2.      How can we best protect ourselves from future hardship?
A sense of community and getting to know your neighbours is the very best safety valve there is in hard times.  That is how many countries have survived in the past, and it is a win-win situation.  That way we can share skills and resources rather than fight each other.  

Getting to know the neighbours is not always easy and someone has to make the first move.  I had fun leaving tubs of strawberries on our neighbours’ doorsteps and it broke the ice. 
We put a bench in our front garden too because in summer people are outside more.  Getting involved or just starting something locally works too.  It doesn’t need a committee if it doesn’t hold any money, so just do it.

Living frugally (but that doesn’t mean depriving yourself, being mean or doing it at other peoples’ expense) has been the secret of our wellbeing for many years.   
When I first started on the simplicity path – on my own at the very start, but hubby quickly got the plot when the credit card debt disappeared – I came across a book called ‘How To Feed Your Family on £4 a Day’ by Bernadine Lawrence.  
An Inspiration!

I had it out of the library and renewed it many times.   I took it back briefly as I could only renew it a certain number of times but when I went to get it back a few weeks later it had been got rid of!
I had been unable to get hold of it again until last week when I found a second hand copy on Amazon.co.uk. (it is not available on Amazon.com) It has been re-printed twice and became ‘How to Feed Your Family on £5 a Day’ in the second edition.
The food is all costed out and amazingly little has gone up in price since the 1990’s except the water cress. 
The recipes are good basic healthy food but the reason I love this book is because it is inspirational.  Bernadine went from having a good job, to being in a high rise flat with four children and on benefits.  Her strategy enabled them to live well despite having little money.
She fed 2 adults and 4 children very well for £5 a day. 
I actually hadn’t thought it until now but we fed ourselves for that much quite easily when we were paying off the mortgage and were highly motivated – admittedly we had 3 children rather than 4. 
In recent years I have found the bills creeping up again and am now back on focus with the grocery bill, and have challenged myself to reduce spending whilst not compromising on quality, so watch this space.

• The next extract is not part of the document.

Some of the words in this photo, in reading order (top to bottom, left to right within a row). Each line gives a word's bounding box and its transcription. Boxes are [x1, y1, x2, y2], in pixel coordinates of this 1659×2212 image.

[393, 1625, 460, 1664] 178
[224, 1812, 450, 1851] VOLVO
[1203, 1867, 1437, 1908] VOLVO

It is not the amount we spend each week that we focus on but the overall average over the course of a year.  This is because if we find something cheap we tend to stock up on it.  In some months we have  a lot more garden produce than others.  So far I have spent more and not less but watch this space.

We do not have a big garden and it is vertically challenged (the main part of the garden is almost as high as the roof of the house.)  It was mostly subsoil when we moved in because the top layer had been removed to reduce the height of the hill behind the house. 

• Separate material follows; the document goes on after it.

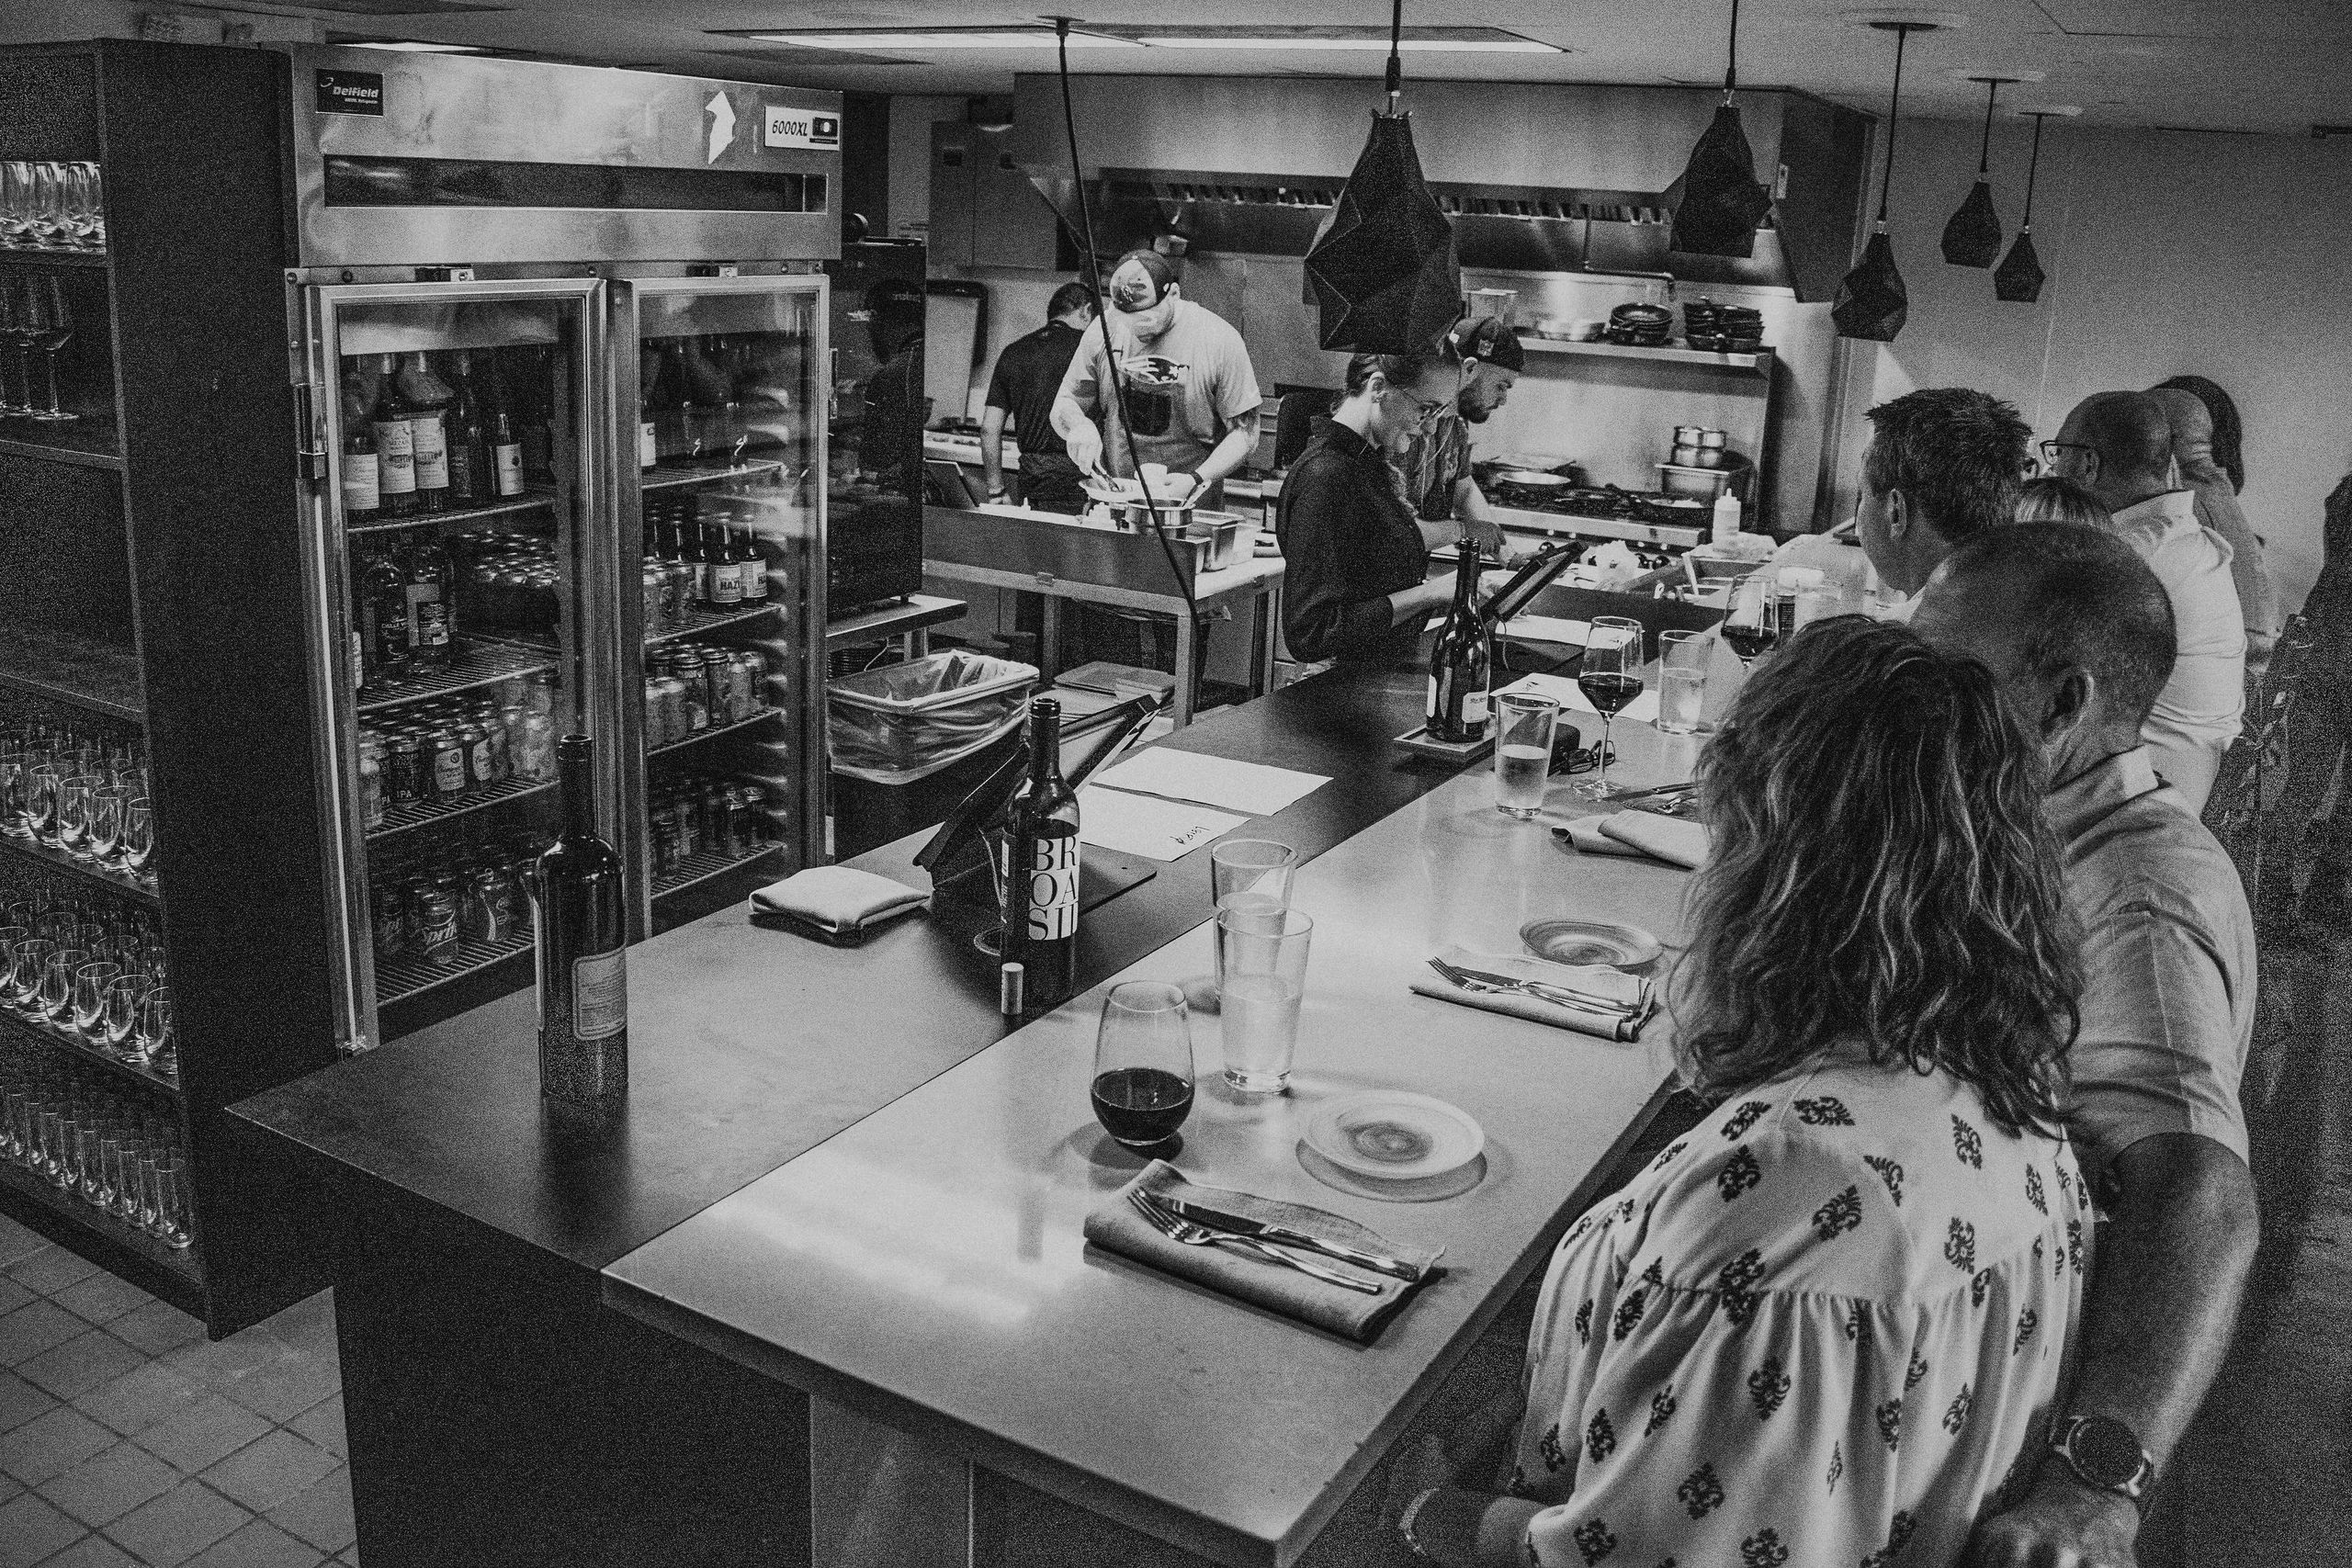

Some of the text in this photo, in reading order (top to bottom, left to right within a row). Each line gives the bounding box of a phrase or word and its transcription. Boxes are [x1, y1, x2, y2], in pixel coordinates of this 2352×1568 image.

[333, 86, 379, 98] Delfield
[772, 119, 808, 137] 6000XL
[422, 920, 458, 946] Sprit

The front garden now has some vegetables in it as well as the small poly tunnel and veg beds we have at the back.   For the front we choose food plants that look pleasing such as runner beans with their nice flowers, rhubarb and strawberries placed in amongst the other plants.  Think of a lawn as a green desert, and increase the size of the borders to grow salad crops.

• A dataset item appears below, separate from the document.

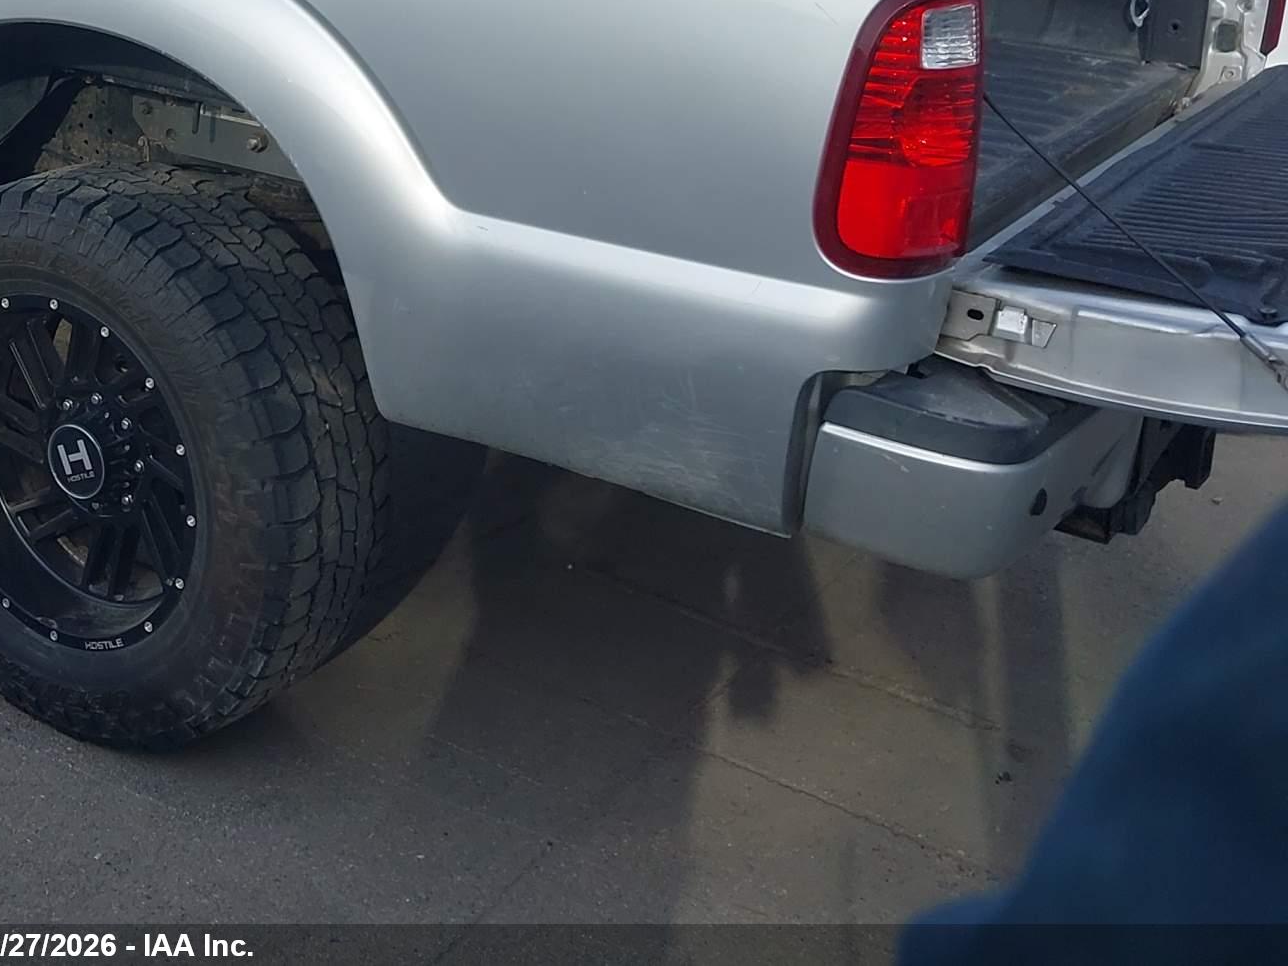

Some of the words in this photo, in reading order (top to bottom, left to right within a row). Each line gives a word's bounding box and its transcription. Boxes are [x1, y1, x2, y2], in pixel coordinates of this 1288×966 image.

[57, 439, 93, 476] H
[66, 470, 95, 483] HOSTILE
[84, 637, 125, 651] HOSTILE

This is a place to share your own inspiration about saving money and managing on less, so feel free to add your own ideas. 
We will be starting our courses on ‘simple living in an urban setting this year' so watch this space. They aim to help people get ahead whether or not they are in debt and - well - it certainly changed our lives for the better so why not learn from someone who has done it?
If you have enough savings to last for a year and no mortgage you can sleep at night without fear.   It can be done!